Indigenous stars poised for Games claims

Trailblazing Indigenous athletes breaking new ground in sports from volleyball to boxing will be among the 470 Australian sports heroes competing at the Commonwealth Games on the Gold Coast from April 4.

Among the big names facing off against competitors from 71 nations and territories are volleyball star Taliqua Clancy, discus thrower Benn Harradine and boxer Clay Waterman.

For Harradine, the only Indigenous member of Australia’s athletics team, this will be his fourth and final Commonwealth Games.

Harradine, 35, made history in 2008 at the Beijing Olympics when he became the first Indigenous athlete to represent Australia in an Olympic field event.

Two years later he became the first Indigenous athlete to win a field medal at a major championship — the gold medal at the Delhi games for a huge throw of 65.4m.

Born in Newcastle, Harradine grew up in Lake Macquarie but didn’t discover his Indigenous heritage — the Wotjobaluk-Wergaia mob — until he was 22. He is now based in Sweden.

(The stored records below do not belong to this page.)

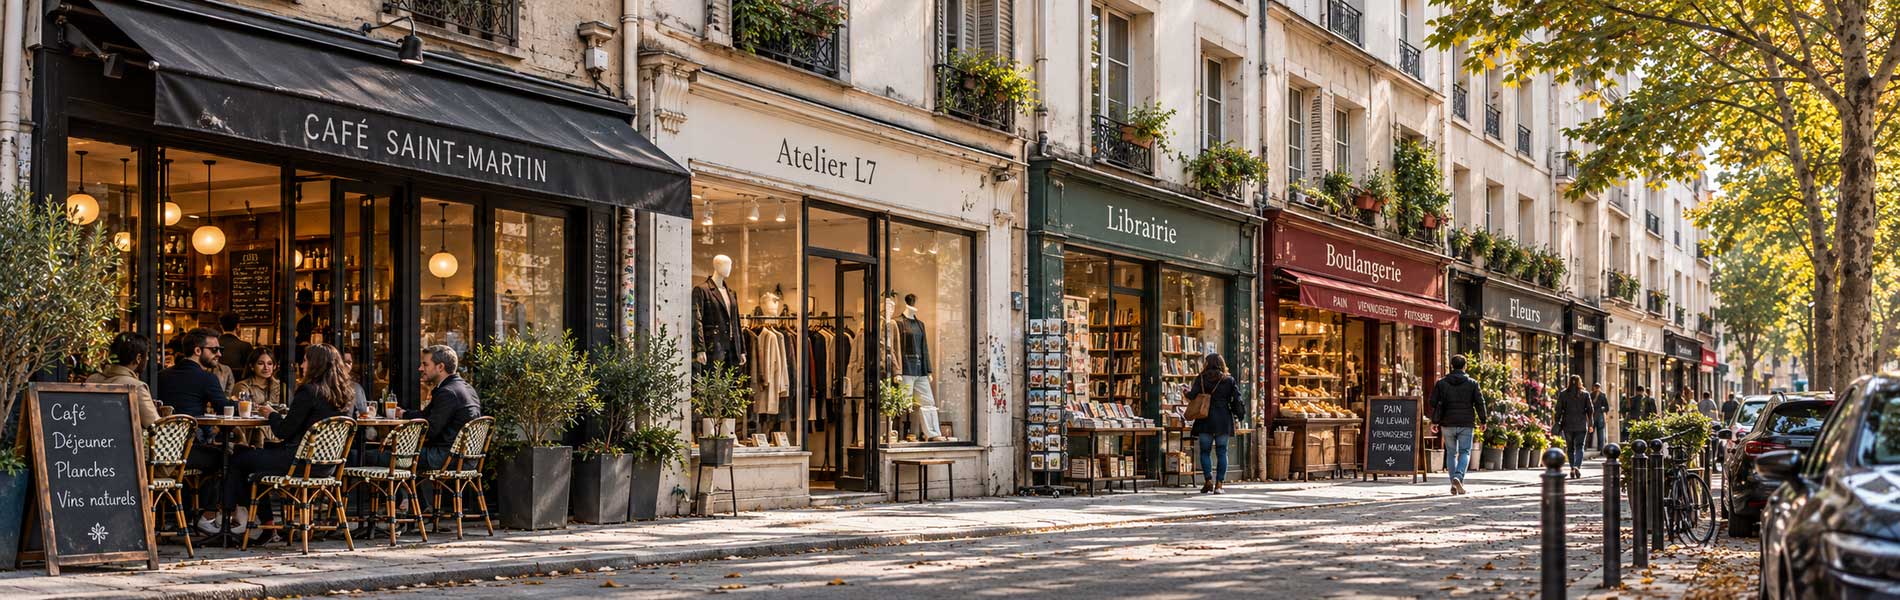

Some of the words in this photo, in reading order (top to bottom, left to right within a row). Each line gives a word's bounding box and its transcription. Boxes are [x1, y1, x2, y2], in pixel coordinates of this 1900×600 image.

[304, 113, 369, 150] CAFÉ
[386, 129, 547, 183] SAINT-MARTIN
[776, 137, 848, 178] Atelier
[855, 156, 876, 185] L7
[1106, 204, 1177, 244] Librairie
[1326, 243, 1401, 283] Boulangerie
[1332, 295, 1348, 309] PAIN
[1509, 297, 1541, 323] Fleurs
[51, 403, 87, 426] Café
[1383, 404, 1402, 414] PAIN
[1374, 416, 1385, 425] AU
[1386, 416, 1410, 425] LEVAIN
[1371, 442, 1386, 451] FAIT
[54, 460, 116, 479] Planches
[56, 490, 85, 509] Vins
[89, 490, 136, 507] naturels

The golden girl of Australian volleyball, Taliqua Clancy, has also been making Australian history.

Clancy, 25, was Australia’s first Indigenous beach volleyballer to compete at an Olympic Games when she took to the sand in Rio in 2016.

She will compete on the Gold Coast with new sporting partner, Peruvian-born Mariafe Artacho del Solar.

The duo teamed up in October last year and has since been undefeated on the Asian and Federation Internationale de Volleyball Tour.

The Gold Coast Games will see Queensland-born Clancy, a Wulli Wulli woman, compete before a home crowd.

She grew up in the landlocked town of Kingaroy, more than 200km from a beach, where she began playing indoor volleyball.

Meanwhile, Queensland boxer Clay Waterman, 21, has sparred with US boxer and former world champion professional boxer Terence Crawford as part of his Commonwealth Games preparations.

Colorado Springs in the US has provided a training base for the Australian boxing team in the lead-up to the Gold Coast games.

But Waterman also likes to train in his back shed in Loganlea, Brisbane.

At a workshop for aspiring young boxers last month, NITV quoted Waterman as saying: “We just train in a shed in the backyard and look where it’s gotten me.

“It doesn’t matter what anyone else thinks or says, just always look forward and look for the good things in life.

“If you put your mind to things, you can do really great things.”

On Friday, Brooke Peris, the cousin of former Olympic Hockeyroo gold medallist and Olympic sprinter Nova Peris was announced as part of the Australian women’s hockey team, the Hockeyroos, to compete in the Games.

Peris, 25, from Darwin, overcame injury to win selection. It will be her second Commonwealth Games.

A Gold Coast Commonwealth Games spokesman said it was not known exactly how many of Australia’s 470 athletes were of Aboriginal or Torres Strait Islander heritage.